Los episodios que estamos viviendo durante estas semanas suponen una verdadera amenaza a la convivencia pacífica entre españoles, al desarrollo económico, a nuestra imagen internacional, a los mercados, a las inversiones, etc.

Han sido varios años de “calentamiento” que al final se ha desbordado. Se ha dicho que Cataluña ha sido locomotora para construir país, empujar la economía y alcanzar cotas de modernidad insospechadas. Ahora, esa locomotora ha perdido el rumbo.

Con una clase política ensimismada, sin Proyecto, sin ideas y que ha generado una situación artificial para crear un Estado Independiente saltándose sus propias leyes, el Estatuto de Autonomía  y la Constitución.  No ha sido obstáculo para seguir adelante, las sentencias del Tribunal Constitucional, las llamadas al sentido común, las negociaciones y la posición de muchos catalanes, entre ellos empresarios pero también intelectuales, artistas, periodistas, políticos y todas las instituciones del ámbito internacional que de una u otra forma han participado.

La pregunta que nos hacemos millones de ciudadanos es, ¿por qué? ¿Por qué se ha llegado a esta situación? ¿Acaso Cataluña no goza de los mejores estándares de vida que puedan darse en Occidente, acaso no tiene un reconocimiento del resto de España, de la Comunidad Internacional, de los turistas, del mundo de la cultura, de la Ciencia, de la Universidad y de la Empresa? ¿Qué hay de trasfondo en toda esta situación? Es muy complejo responder a la misma. Incomprensiones, desafectos, manipulación de unos pocos para aprovecharse, confusión entre ideales y realidades… Una amalgama de aspectos  intangibles que pueden utilizarse en una u otra dirección.

Durante mis veinticinco años de actividad política, he pensado que todos los asuntos son discutibles. Que existen posiciones  aparentemente irreconciliables que pueden llegar a verdaderos acuerdos. Que el dialogo sincero y abierto derriba muchas barricadas. Que la relación entre políticos de Cataluña y el resto de España, no solo es posible sino totalmente necesaria. En estos veinticinco años he tenido oportunidad de participar en muchas mesas de negociación con catalanes. No recuerdo ni una sola vez que no llegáramos a un acuerdo.  Me atrevería a decir que negociación y dialogo era la marca de la casa. En cuanto cerrabas uno este llegaba hasta su fin.

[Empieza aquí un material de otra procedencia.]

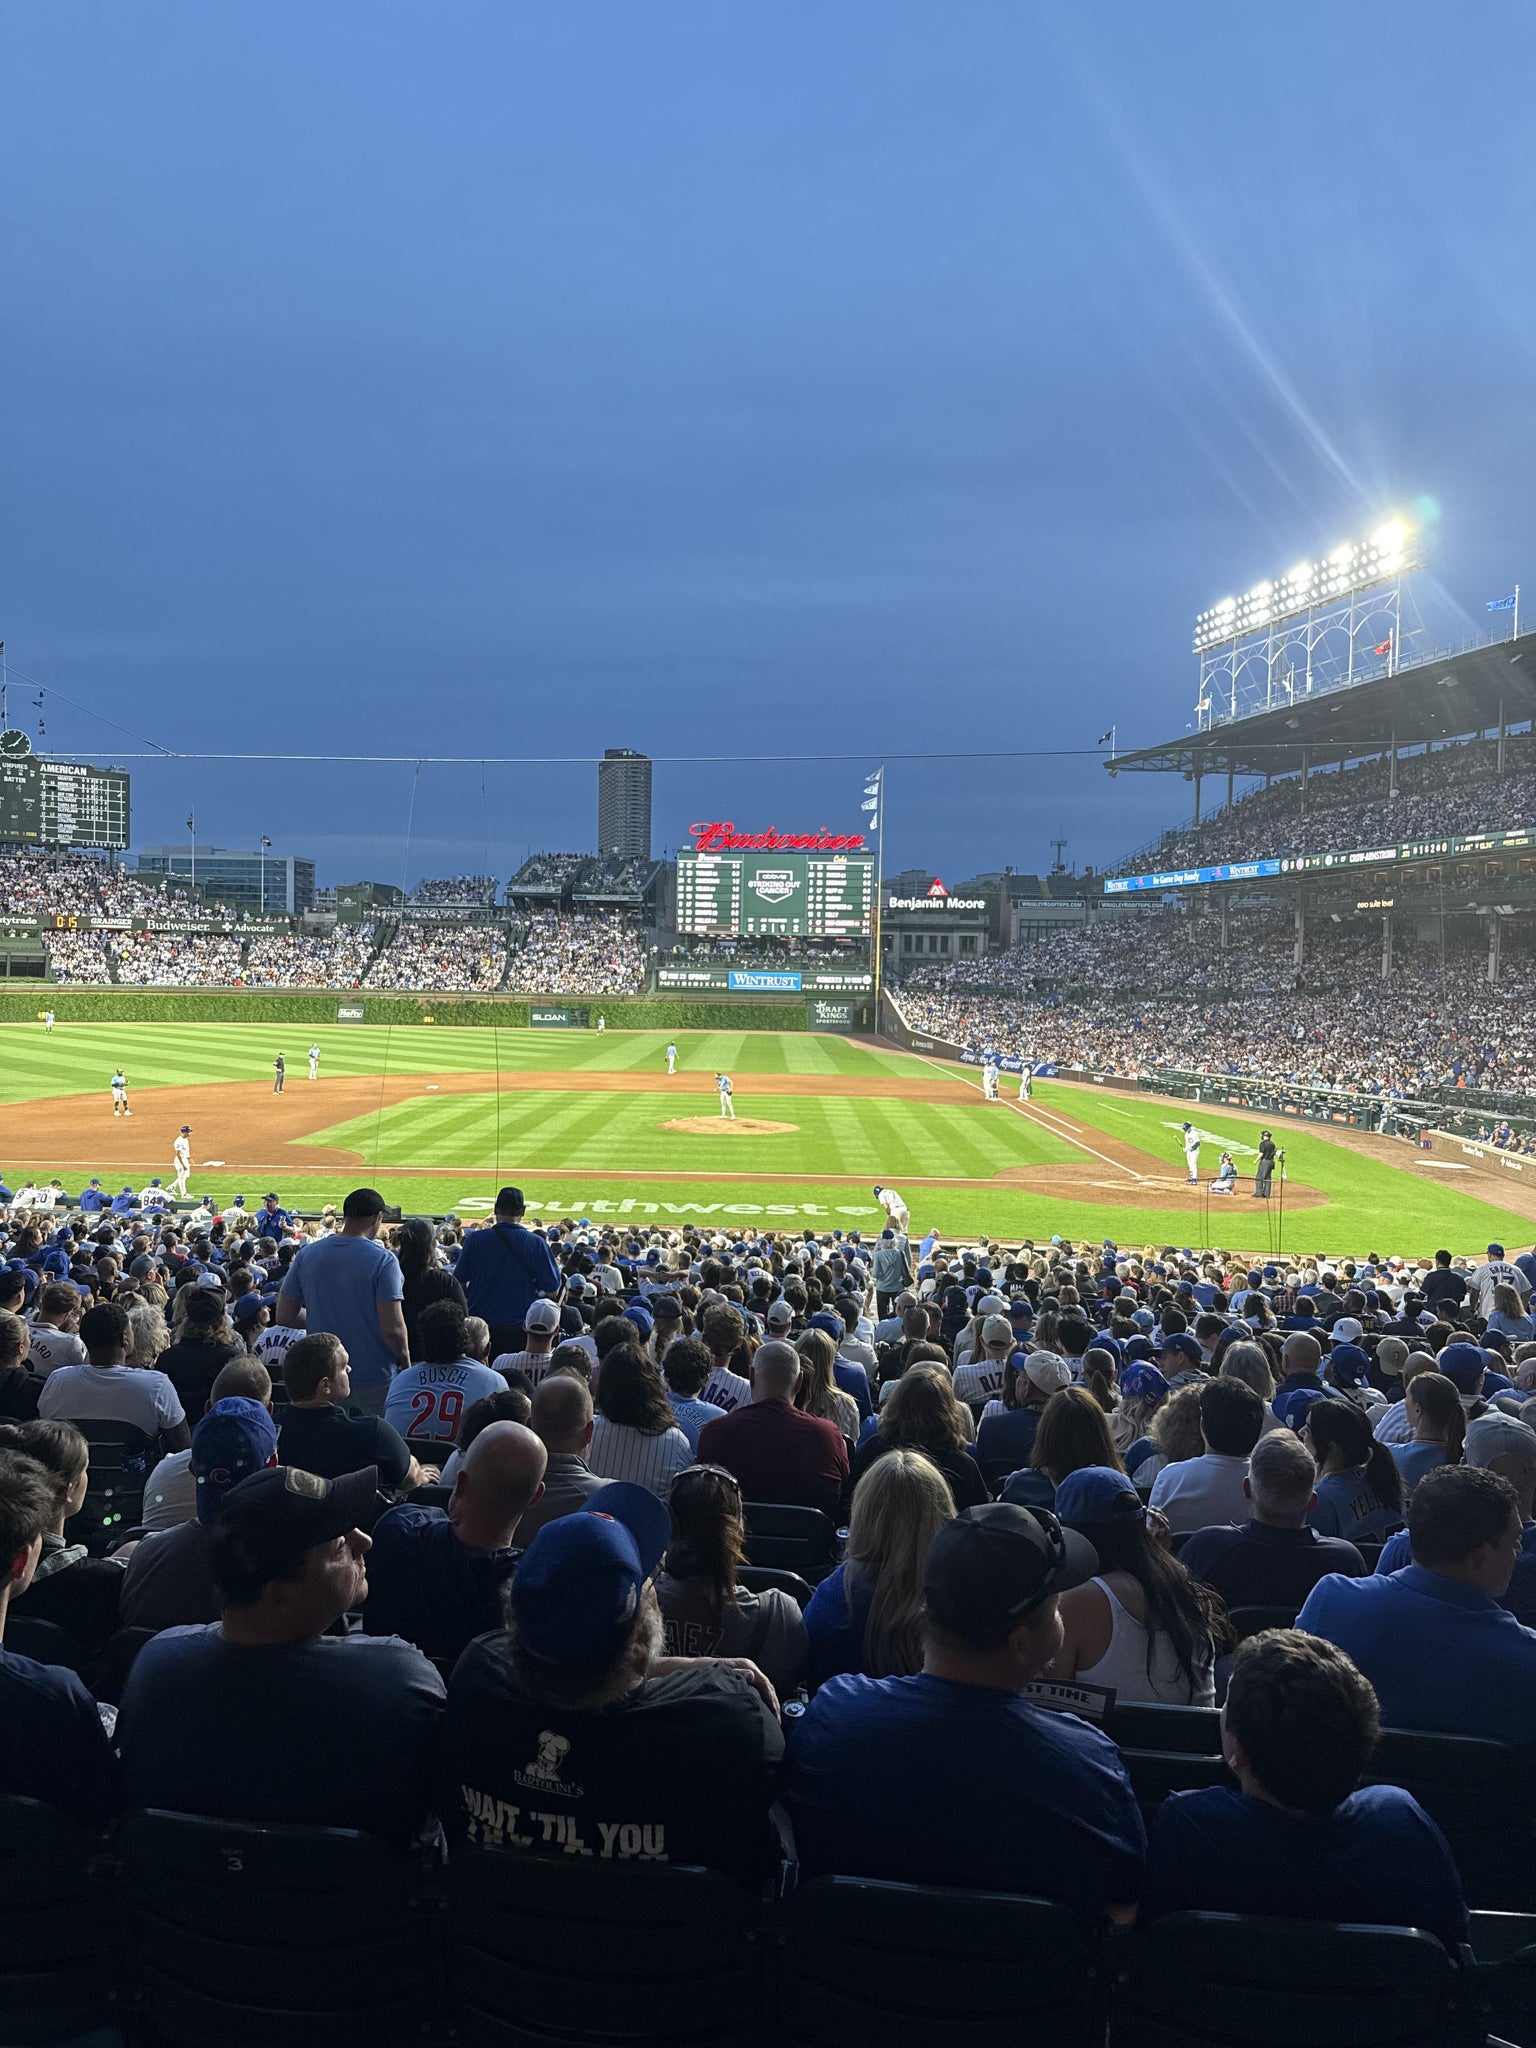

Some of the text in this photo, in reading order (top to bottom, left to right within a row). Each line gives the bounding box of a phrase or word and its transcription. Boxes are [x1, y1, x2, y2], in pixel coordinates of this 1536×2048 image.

Desde mi punto de vista, durante los últimos años, esto no ha sido así. El Gobierno catalán se ha cerrado sobre sí mismo. Han hipotecado la acción de sus parlamentarios en Madrid, donde existían posiciones más racionales. Con la actuación de Rodríguez Zapatero sobre el Estatut, comenzó una deriva que ha llegado hasta nuestros días. El Estatut ha sido la excusa para exacerbar los ánimos. Me llama poderosamente la atención, a no ser por la habilidad de la izquierda española, que se cargan las tintas sobre lo que hizo o dejó de hacer el PP. Todo el proceso de Reforma del Estatuto recayó durante la época de Zapatero, hasta la sentencia del propio  Tribunal Constitucional que fue en año 2010. Aquel irresponsable “Pascual, apoyaré la Reforma del Estatut que apruebe el Parlamento catalán” del que muy pronto se arrepintió el ex Presidente, fue la mecha que encendió la actual situación. Considero, y puedo estar equivocado, que el hecho que fuera un Partido de ámbito nacional quien promoviera esa “gran” reforma supuso una humillación para Convergencia Democrática de Cataluña que llevaba en su ADN la ansiada Reforma. El Puyolismo catalán, encabezado por su nuevo líder Artur Mas, no podía dejar una victoria de ese calado en manos de los partidos de ámbito nacional.

Tanto PSOE como PP no se dieron cuenta del tsunami que se generaba. Hoy, tras el esperpento del Pleno en el Parlament, no queda más que apelar al sentido común de la gran mayoría de los catalanes que desean vivir en paz, con el reconocimiento de sus virtudes y singularidades, sin miedo al futuro. Un futuro que considero debe ser dentro de España. Liderando Proyecto y compartiendo destino volviendo a ser locomotora. Seguro que muchos podemos contribuir a restañar heridas, consolidar afectos y sobre todo a estimular el conocimiento mutuo de nuestras singularidades regionales, políticas e históricas desde la objetividad. Esa es la tarea.